McDonough says an early, warm spring may have caused the early bloom. But it’s hard for him to say more than that, such as whether blooms are connected to a larger pattern; the arboretum doesn’t have much data on jacarandas because they’re not native here.
To the Southern Hemisphere
Jacarandas are from South America, particularly Argentina and Brazil. But it’s in Australia that scientists and citizen observers have started to connect early blooms to climate change.
Like Angelenos, Australians have adopted the tree as an icon.
Brett Summerell is a researcher at the Royal Botanic Gardens in Sydney. He says Australian students used to have a bit of lore linking when to study with when the purple blossoms come in.

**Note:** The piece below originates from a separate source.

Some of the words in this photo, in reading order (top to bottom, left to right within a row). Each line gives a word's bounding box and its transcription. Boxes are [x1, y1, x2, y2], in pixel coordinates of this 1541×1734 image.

“At Queensland University, if the jacaranda is blooming, that’s the time to get stuck in studies for final exams,” he says with a laugh. “In Sydney, if the jacaranda is flowering, it’s too late.”

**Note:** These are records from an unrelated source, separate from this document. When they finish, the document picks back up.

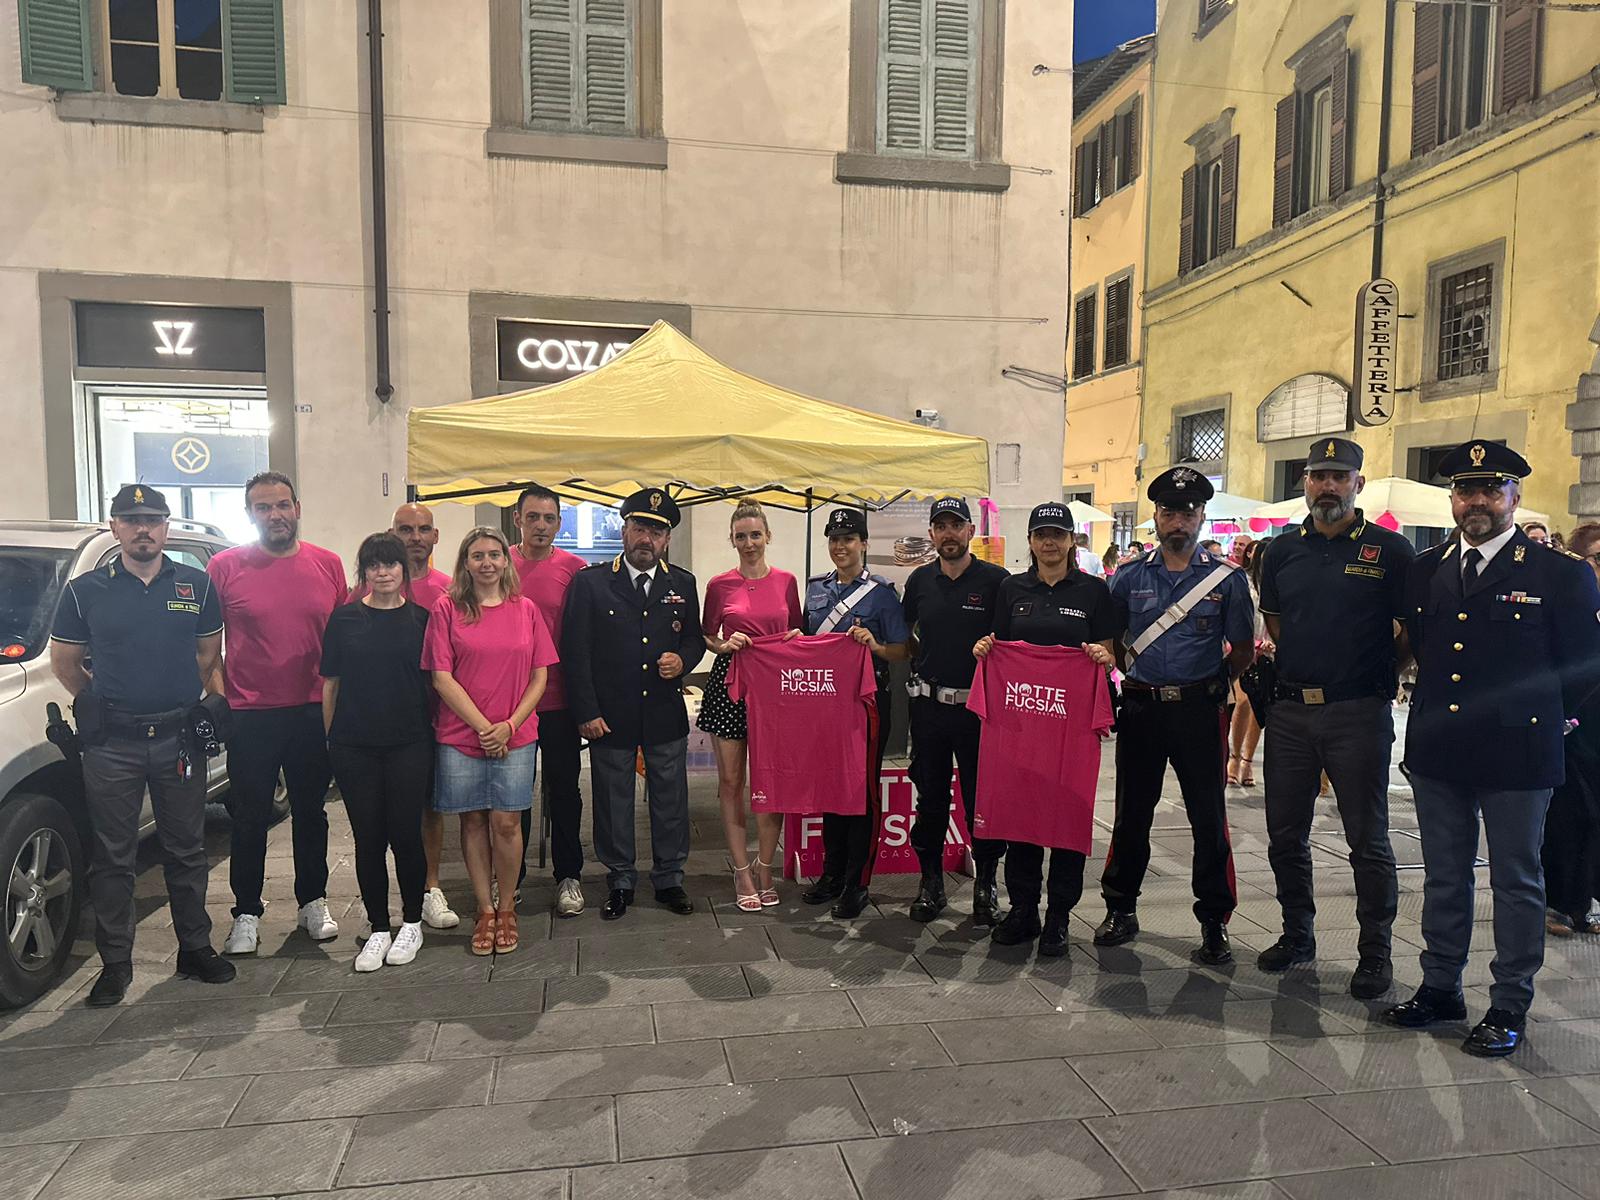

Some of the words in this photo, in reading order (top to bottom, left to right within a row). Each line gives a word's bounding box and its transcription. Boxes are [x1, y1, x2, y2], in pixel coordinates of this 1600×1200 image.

[1365, 283, 1394, 418] CAFFETTERIA
[781, 669, 833, 681] NOTTE
[781, 681, 836, 692] FUCSIA
[1007, 681, 1066, 702] NOTTE
[1005, 694, 1067, 715] FUCSIA

Not anymore. Slacker students in Sydney probably still have time to hit the stacks if jacarandas are in bloom because it’s happening earlier now.
Summerell says volunteers at the botanic gardens started tracking the bloom cycle of the trees nearly two decades ago. He himself has wandered under them, recording data about first flower and full bloom. And thousands of people now send the Australian government data. Together, these observations show jacarandas blooming as much as four weeks earlier than usual.
Summerell admits the data set is imperfect and still young. “There’s lots of peaks and troughs with all of this biological response to climate change type of data,” he says.
Still, the records seems significant to him and to Andy Pitman, an atmospheric scientist at the University of New South Wales, who’s particularly interested in the way climate change influences vegetation.
Pitman says winter has long been a crucial part of the jacaranda life cycle.
“It’s not worth their while actively photosynthesizing to fix carbon to help themselves survive and grow,” he says. “And in the same way we go to bed at night to sleep, Jacarandas and a range of other plants go to sleep in the winter.”
But that sleep is being disturbed. Jacarandas rely on cues from soil moisture and soil temperature to figure out when to bloom. Pitman says warmer, drier winters are scrambling those cues.
“And that’s completely changing their cost-benefit analysis to cope with winter, and that is what you are seeing,” he says.
The last decade was the hottest on record in Australia, a period when the country also battled a serious drought.
Pitman says if the Australian experience is any indicator, Californians should drink in the blooms now. In the depths of the drought, a few years back, jacarandas there faded quickly.